United States Congressman James E. Clyburn was the first Black congressman to be elected to head to Washington DC from South Carolina after the Black Reconstruction Congress that included the Gullah Statesman Robert Smalls. Congressman Clyburn has been a board member at Penn Center on historic St. Helena Island, SC and a history teacher in Charleston, SC. His beloved late wife Emily was a native Gullah/Geechee from the Santee area whereas his roots stem from Sumter, SC.
Congressman Clyburn has consistently fought for Black land ownership, Due to his work with Queen Quet, Chieftess of the Gullah/Geechee Nation and the Gullah/Geechee Sea Island Coalition to get Gullah/Geechee culture recognized and protected, this ultimately culminated in him getting his counterparts in the United States Congress to pass the Gullah/Geechee Cultural Heritage Act. The citizens of the Gullah/Geechee Nation have celebrated many subsequent accomplishments with him including the naming of a building in Charleston at the Medical University of South Carolina in his honor, the unveiling of the Reconstruction National Monument on St. Helena Island, and the ground breaking for the visionary project, theInternational African American Museum (IAAM) which he and former Charleston Mayor Riley worked to get under way. So, they truly beat drums when they announced that Congressman Clyburn would be the US Majority Whip!
Congressman Clyburn is the third-ranking Democrat in the United States House of Representatives, and currently serves as the Chairman of the House Select Committee on the Coronavirus Crisis. He is the Chairman of the Rural Broadband Task Force and Democratic Faith Working Group. His faith has taken him many steps up the Hill from the Lowcountry.
When he came to Congress in 1993 to represent South Carolina’s sixth congressional district, Congressman Clyburn was elected co-president of his freshman class and quickly rose through leadership ranks. He was subsequently elected Chairman of the Congressional Black Caucus, Vice Chairman, and later Chairman, of the House Democratic Caucus. He previously served as Majority Whip from 2007 to 2011 and served as Assistant Democratic Leader from 2011 to 2019.
As a national leader, he has championed rural and economic development and many of his initiatives have become law. His 10-20-30 federal funding formula was included in four sections of the American Recovery and Reinvestment Act. Congressman Clyburn is also a passionate supporter of historic preservation and restoration programs. His efforts have restored scores of historic buildings and sites on the campuses of historically black colleges and universities (HBCUs). His legislation created the South Carolina National Heritage Corridor and the Gullah/Geechee Cultural Heritage Corridor, elevated the Congaree National Monument to a national park, and established the Reconstruction Era National Monumentwhich is now the Reconstruction Era National Historic Park in South Carolina’s Lowcountry.
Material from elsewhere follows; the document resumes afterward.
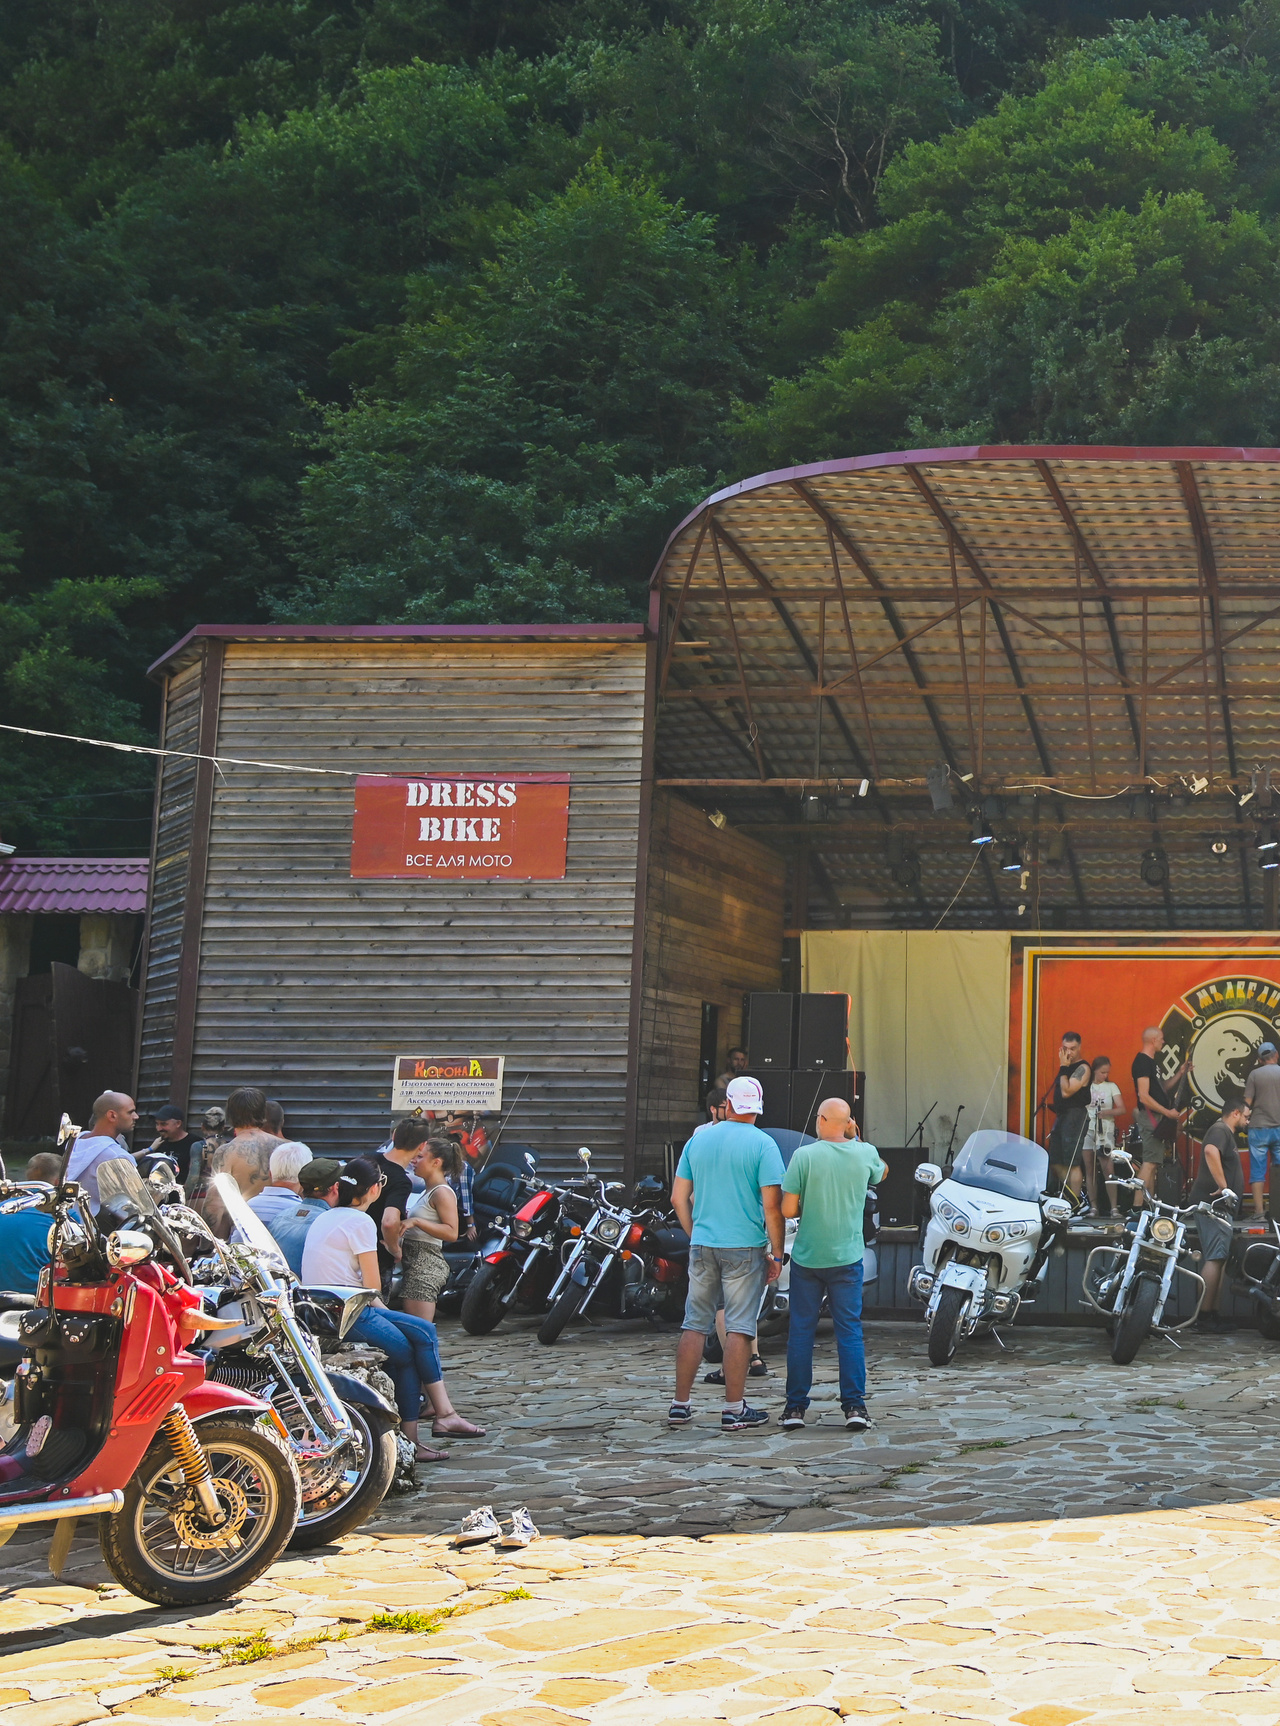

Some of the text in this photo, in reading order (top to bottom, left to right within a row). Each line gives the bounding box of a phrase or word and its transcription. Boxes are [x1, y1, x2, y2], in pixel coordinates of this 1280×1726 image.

[406, 783, 517, 807] DRESS
[418, 817, 501, 842] BIKE
[406, 854, 513, 868] ВСЕ ДЛЯ МОТО
Congressman Clyburn’s humble beginnings in Sumter, South Carolina as the eldest son of an activist, fundamentalist minister and an independent, civic-minded beautician grounded him securely in family, faith and public service. His memoir, Blessed Experiences: Genuinely Southern, Proudly Black, was published in 2015, and has been described as a primer that should be read by every student interested in pursuing a career in public service.
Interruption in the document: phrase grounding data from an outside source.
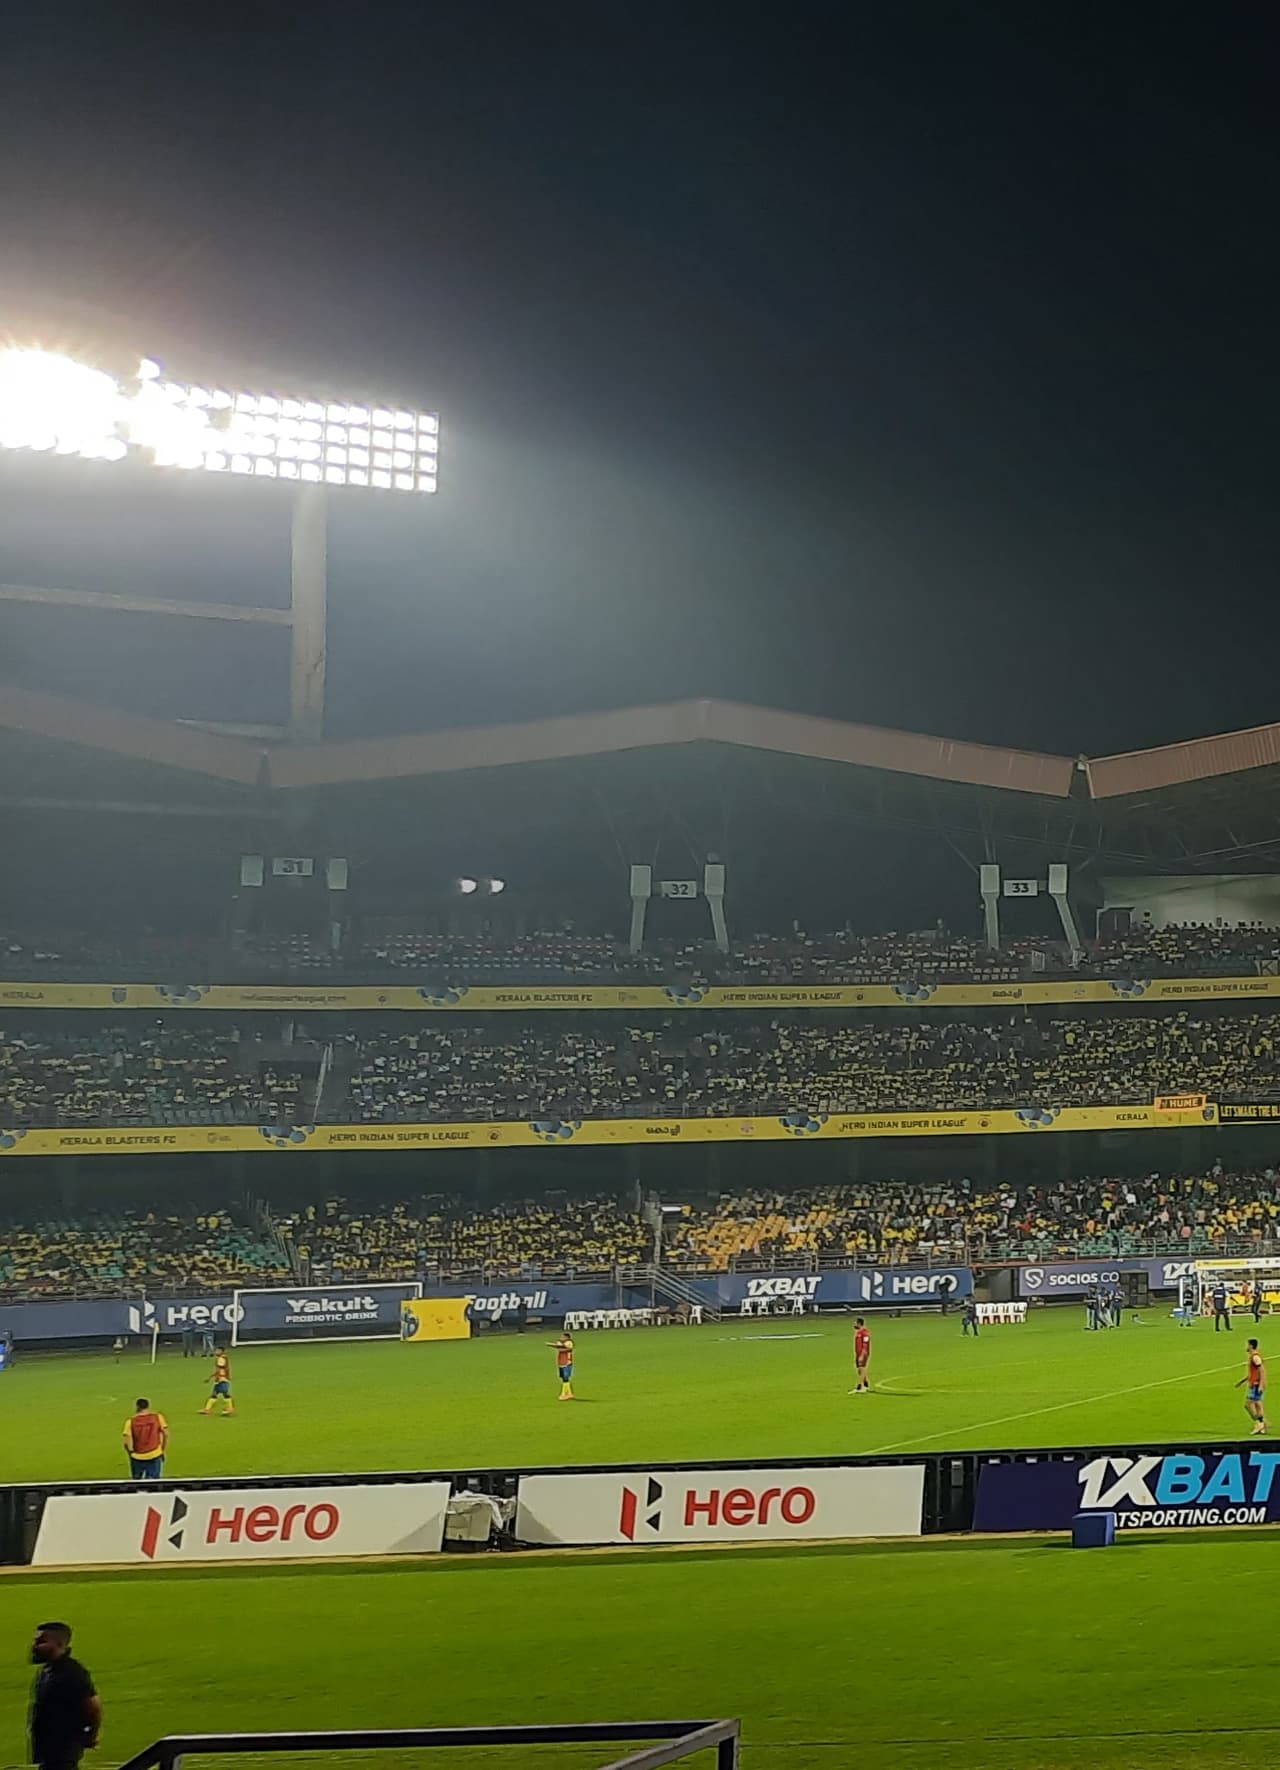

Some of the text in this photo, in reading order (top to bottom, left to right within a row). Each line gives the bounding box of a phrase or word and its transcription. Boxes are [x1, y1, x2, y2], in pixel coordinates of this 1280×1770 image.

[672, 884, 690, 895] 32
[1012, 883, 1030, 894] 33
[2, 991, 44, 1000] KERALA
[1161, 983, 1269, 996] HERO INDIAN SUPER LEAGUE
[495, 993, 593, 1002] KERALA BLASTERS FC
[723, 992, 841, 1002] HERO INDIAN SUPER LEAGUE
[1115, 1113, 1148, 1121] KERALA
[841, 1118, 966, 1131] HERO INDIAN SUPER LEAGUE
[59, 1135, 176, 1146] KERALA BLASTERS FC
[329, 1131, 470, 1144] HERO INDIAN SUPER LEAGUE
[747, 1276, 823, 1296] 1XBAT
[892, 1273, 957, 1294] Hero
[286, 1296, 379, 1314] Yakult
[167, 1302, 245, 1326] Hero
[285, 1311, 379, 1323] PROBIOTIC DRINK
[684, 1485, 815, 1527] Hero
[206, 1502, 340, 1544] Hero
Congressman Clyburn and his late wife, Emily England Clyburn, met as students at South Carolina State University and were married for 58 years. They are the parents of three daughters; Mignon Clyburn, Jennifer Reed, and Angela Hannibal and four grandchildren. The entire family and the Gullah/Geechee Nation will be celebrating with Congressman Clyburn as The International Civil Rights Center & Museum honors him for his work in civil rights and on behalf of the Gullah/Geechee Nation. We invite you to also obtain your ticket to be a part of this historic gala. Go to https://www.sitinmovement.org/2021-gala Help us Re-Ignite the Movement!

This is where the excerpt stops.